Fragmentation in the movement has persisted. In Alabama, that was evident in the growing popularity of the Yellowhammer Fund, a nonprofit started in 2017 that covers medical, travel and other costs for low-income abortion patients. After Alabama’s ban was enacted, prominent national groups like Planned Parenthood and NARAL, as well Democratic presidential candidates like Sen. Bernie Sanders, rushed to support the group.
The Yellowhammer Fund raised $4 million in 10 weeks, and its director, Amanda Reyes, said about $500,000 was budgeted to cover abortion procedures. Gray and the two other independent clinic directors in the state had hoped more resources would be directed to meet their needs. But Reyes has put forth a different vision.
Yellowhammer is planning to support other aspects of reproductive rights, like doula care, Reyes said.
The efforts are a sign that the left knows it needs new strategies but also of the wide disagreement over what they should be.
In recent years, Planned Parenthood has become one of the biggest sources of volunteer power for Democratic campaigns. In 2018, the group’s political arm gave more than $1.1 million to Democrats and $5,735 to Republicans, according to data from the Center for Responsive Politics.
The Democratic Party has rejected the message that drove its politics since President Bill Clinton’s administration — that abortion should be “safe, legal and rare” — and embraced abortion rights with few stipulations. Every leading Democratic presidential candidate has fallen in line.

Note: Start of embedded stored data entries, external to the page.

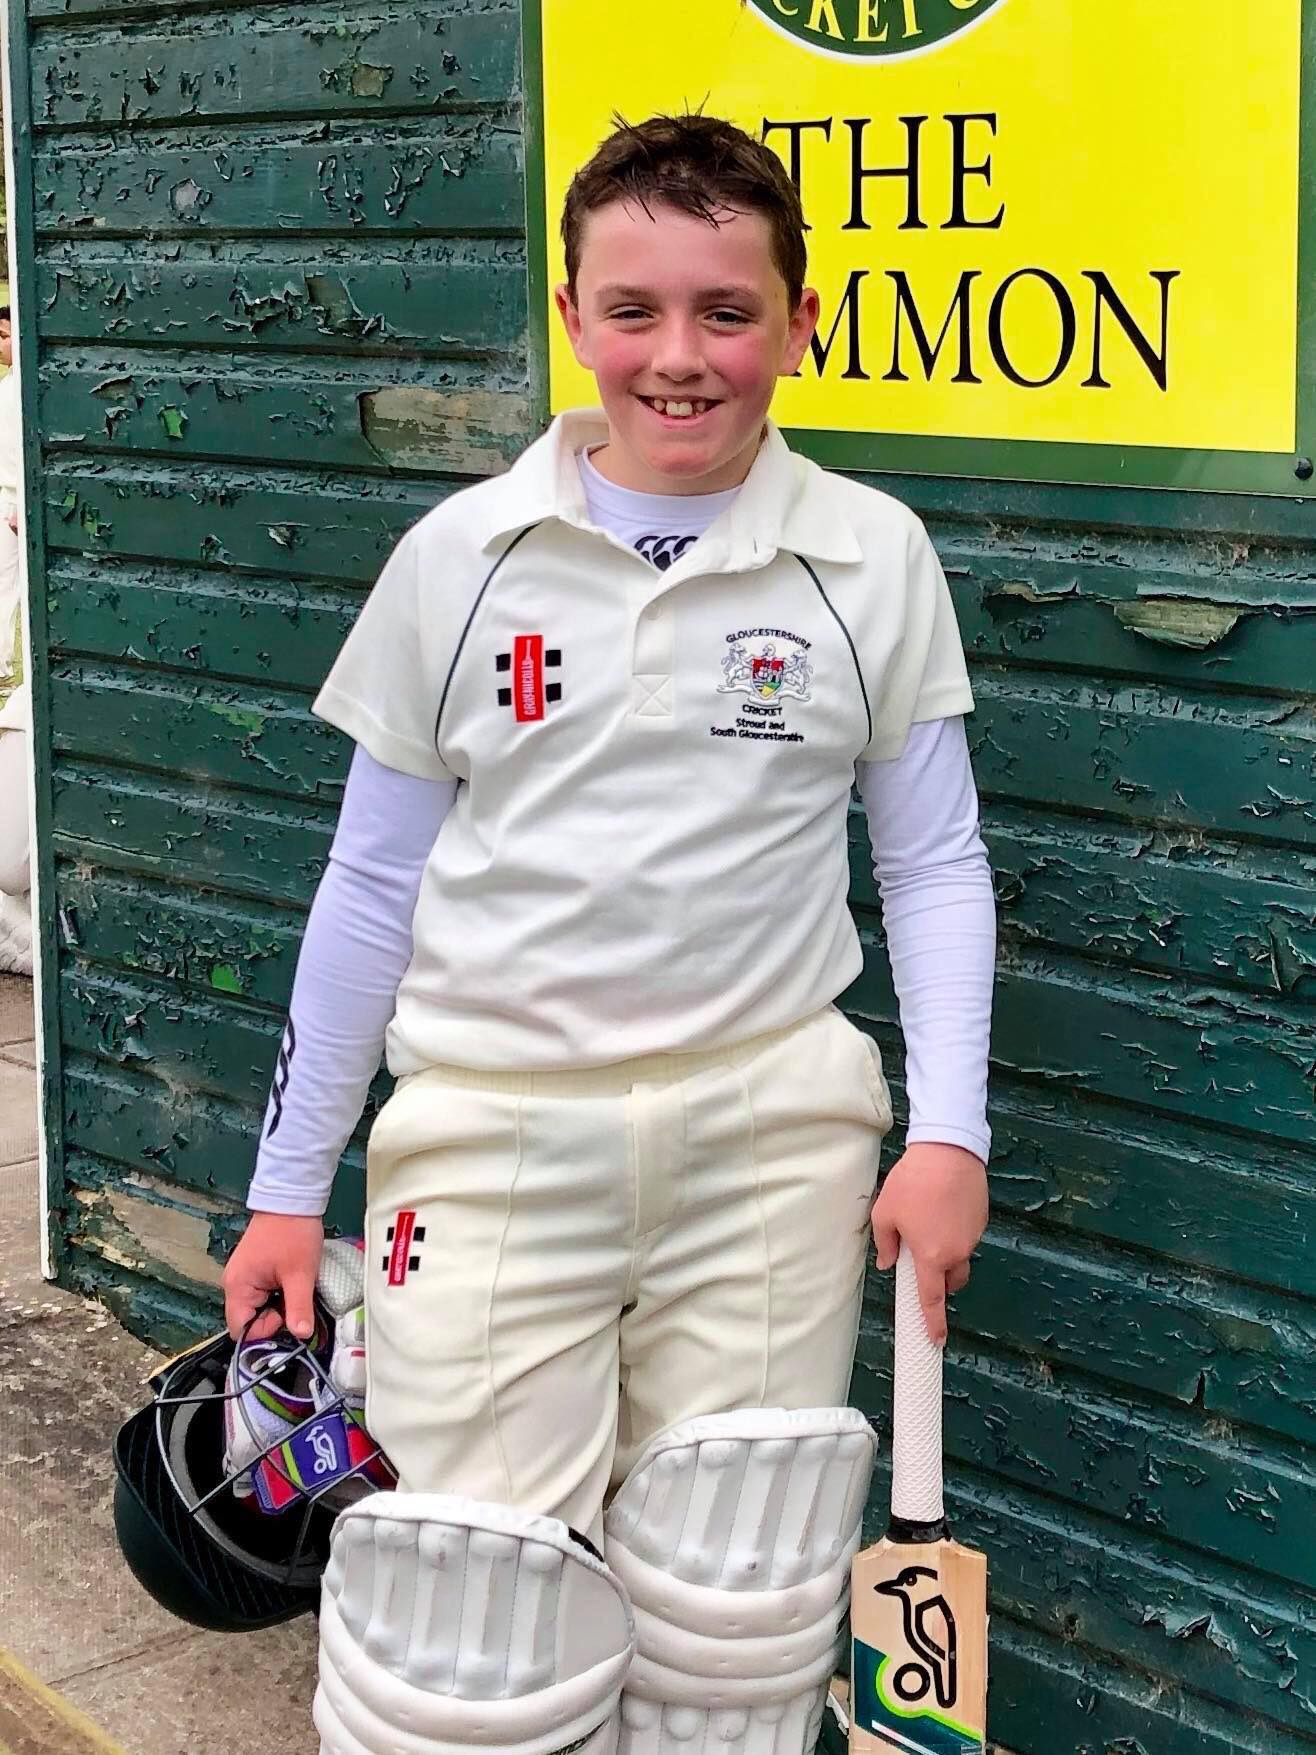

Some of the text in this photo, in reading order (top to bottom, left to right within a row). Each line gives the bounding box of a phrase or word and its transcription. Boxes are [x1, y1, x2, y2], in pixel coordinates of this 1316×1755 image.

[761, 112, 1005, 230] THE
[792, 268, 1181, 392] MMON
[726, 628, 812, 650] GLOUCESTERSHIRE
[742, 704, 783, 716] CRICKET
[710, 726, 737, 737] South
[736, 718, 785, 731] Stroud and

But Americans’ views on abortion have remained relatively consistent since 1975. A majority of Americans believe the procedure should be legal — but only in certain cases, according to Gallup’s long-running tracking poll.

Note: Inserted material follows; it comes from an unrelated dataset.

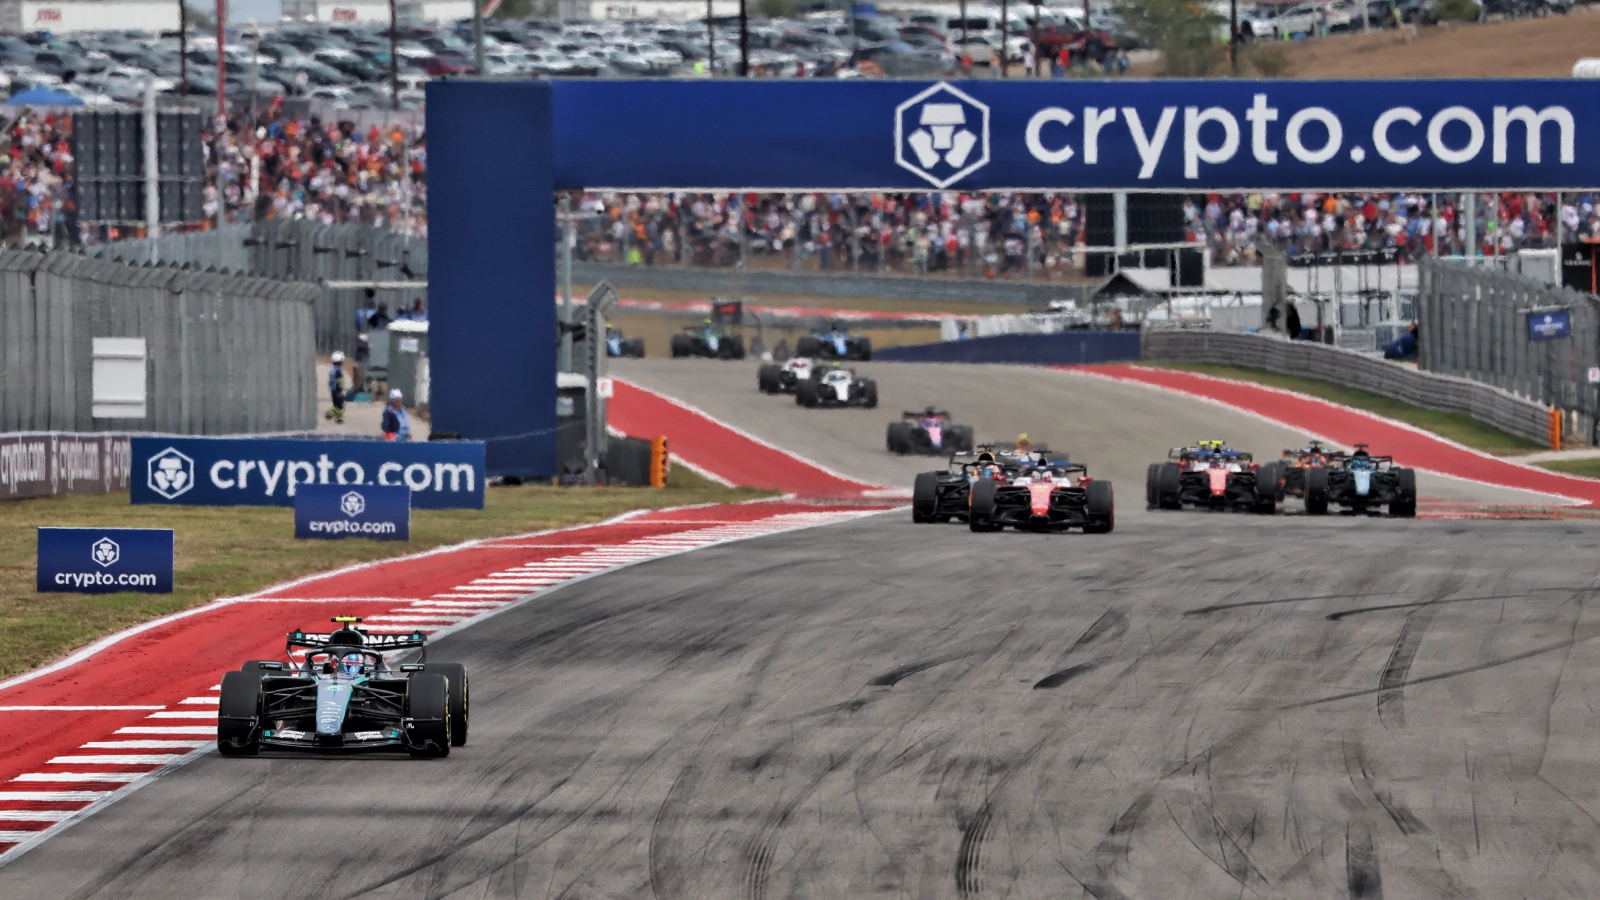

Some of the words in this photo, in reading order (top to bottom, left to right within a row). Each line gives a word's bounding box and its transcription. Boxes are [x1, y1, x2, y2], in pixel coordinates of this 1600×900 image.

Some abortion rights supporters worry that establishing abortion rights as a Democratic litmus test is too inflexible for Americans conflicted over abortion. They fear that it could hurt the party in rural areas and the more moderate, suburban districts that may hold the key to regaining the White House, and where many of the remaining vulnerable abortion clinics are.
Appealing to the middle prioritizes the views of white moderates at the expense of the health care needs of women of color, Merritt of Reproaction said.
“You have to change the structures,” she said.